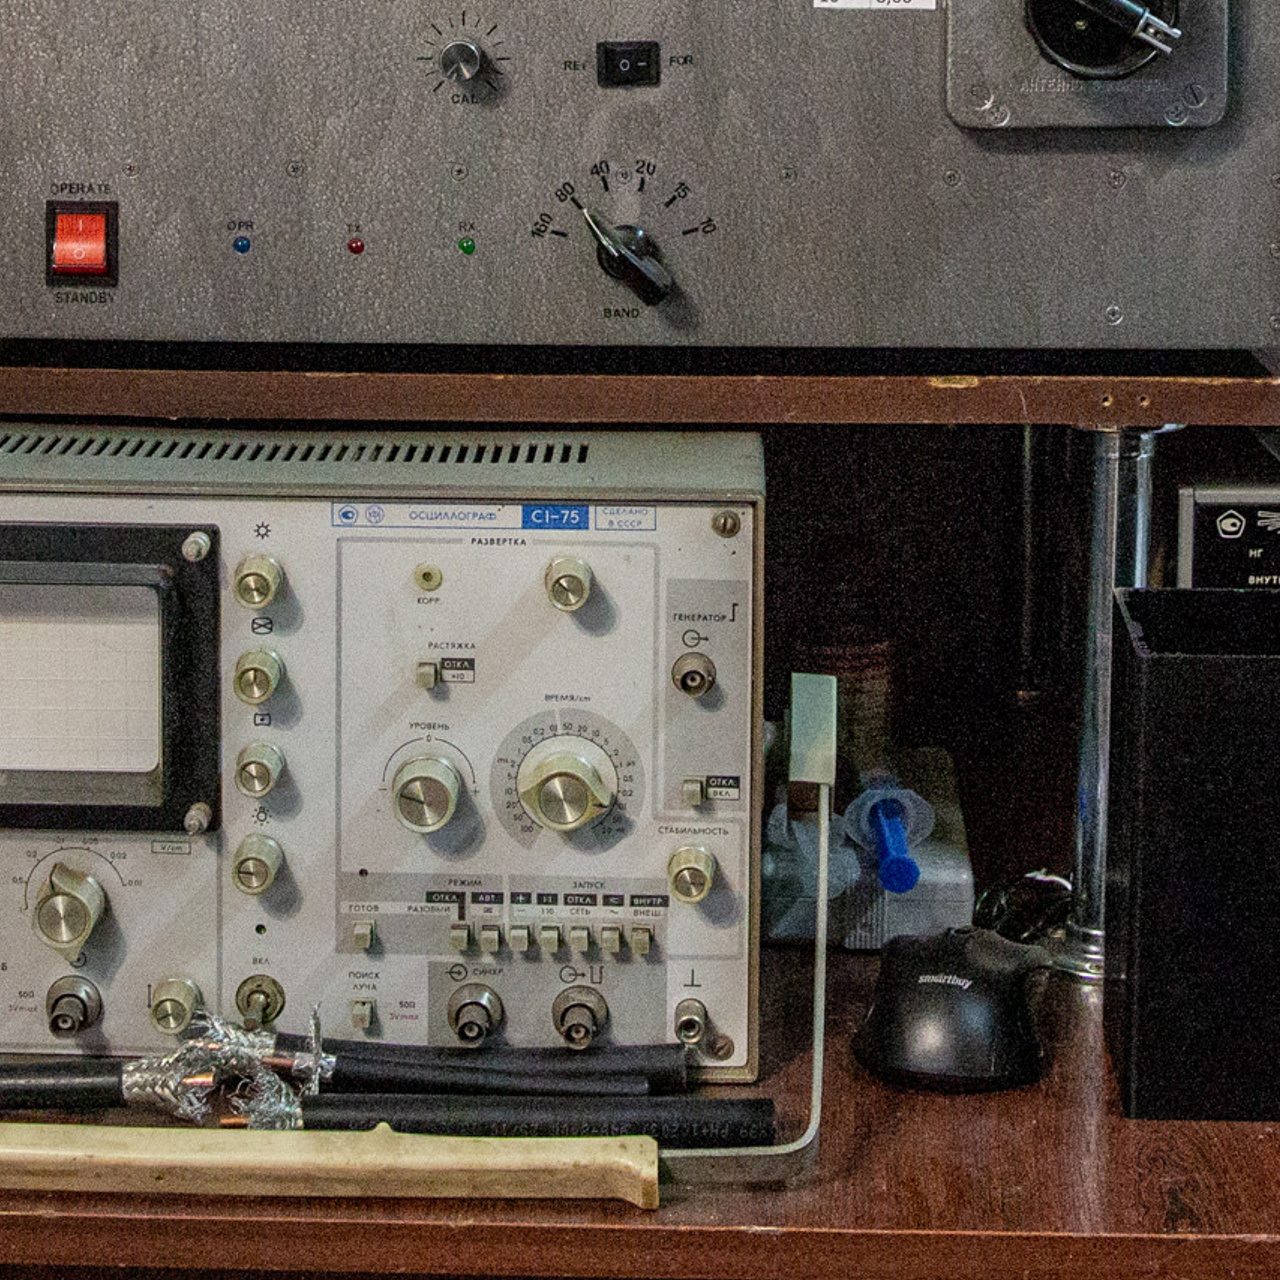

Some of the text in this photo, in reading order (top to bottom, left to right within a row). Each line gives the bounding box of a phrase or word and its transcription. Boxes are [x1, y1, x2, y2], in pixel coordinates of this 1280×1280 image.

[669, 55, 693, 67] FOR
[451, 93, 479, 104] CAL
[590, 160, 611, 176] 40
[635, 159, 656, 176] 20
[51, 183, 110, 195] OPERATE
[555, 182, 575, 203] 80
[674, 181, 692, 199] 15
[458, 221, 475, 231] RX
[531, 212, 554, 239] 160
[701, 217, 716, 235] 10
[56, 291, 115, 304] STANDBY
[603, 308, 640, 319] BAND
[409, 510, 497, 521] ОСЦИЛЛОГРАФ
[602, 507, 649, 517] СДЕЛАНО
[617, 520, 642, 528] СССР
[471, 538, 527, 546] РАЗВЕРТКА
[673, 613, 727, 622] ГЕНЕРАТОР
[428, 641, 476, 650] РАСТЯЖКА
[409, 722, 450, 730] УРОВЕНЬ
[658, 826, 729, 836] СТАБИЛЬНОСТЬ
[448, 879, 482, 887] РЕЖИМ
[572, 881, 605, 889] ЗАПУСК
[349, 905, 379, 913] ГОТОВ
[570, 908, 590, 916] СЕТЬ
[252, 957, 270, 965] ВКЛ
[349, 972, 380, 980] ПОИСК
[918, 973, 973, 990] smartbuy
+ + + +
What is needed is an exact copy of every entry, with the pictures removed.

Some of the text in this photo, in reading order (top to bottom, left to right within a row). Each line gives the bounding box of a phrase or word and its transcription. Boxes are [x1, y1, x2, y2], in pixel coordinates of this 1280×1280 image.

[669, 55, 693, 67] FOR
[451, 93, 479, 104] CAL
[590, 160, 611, 176] 40
[635, 159, 656, 176] 20
[51, 183, 110, 195] OPERATE
[555, 182, 575, 203] 80
[674, 181, 692, 199] 15
[458, 221, 475, 231] RX
[531, 212, 554, 239] 160
[701, 217, 716, 235] 10
[56, 291, 115, 304] STANDBY
[603, 308, 640, 319] BAND
[409, 510, 497, 521] ОСЦИЛЛОГРАФ
[602, 507, 649, 517] СДЕЛАНО
[617, 520, 642, 528] СССР
[471, 538, 527, 546] РАЗВЕРТКА
[673, 613, 727, 622] ГЕНЕРАТОР
[428, 641, 476, 650] РАСТЯЖКА
[409, 722, 450, 730] УРОВЕНЬ
[658, 826, 729, 836] СТАБИЛЬНОСТЬ
[448, 879, 482, 887] РЕЖИМ
[572, 881, 605, 889] ЗАПУСК
[349, 905, 379, 913] ГОТОВ
[570, 908, 590, 916] СЕТЬ
[252, 957, 270, 965] ВКЛ
[349, 972, 380, 980] ПОИСК
[918, 973, 973, 990] smartbuy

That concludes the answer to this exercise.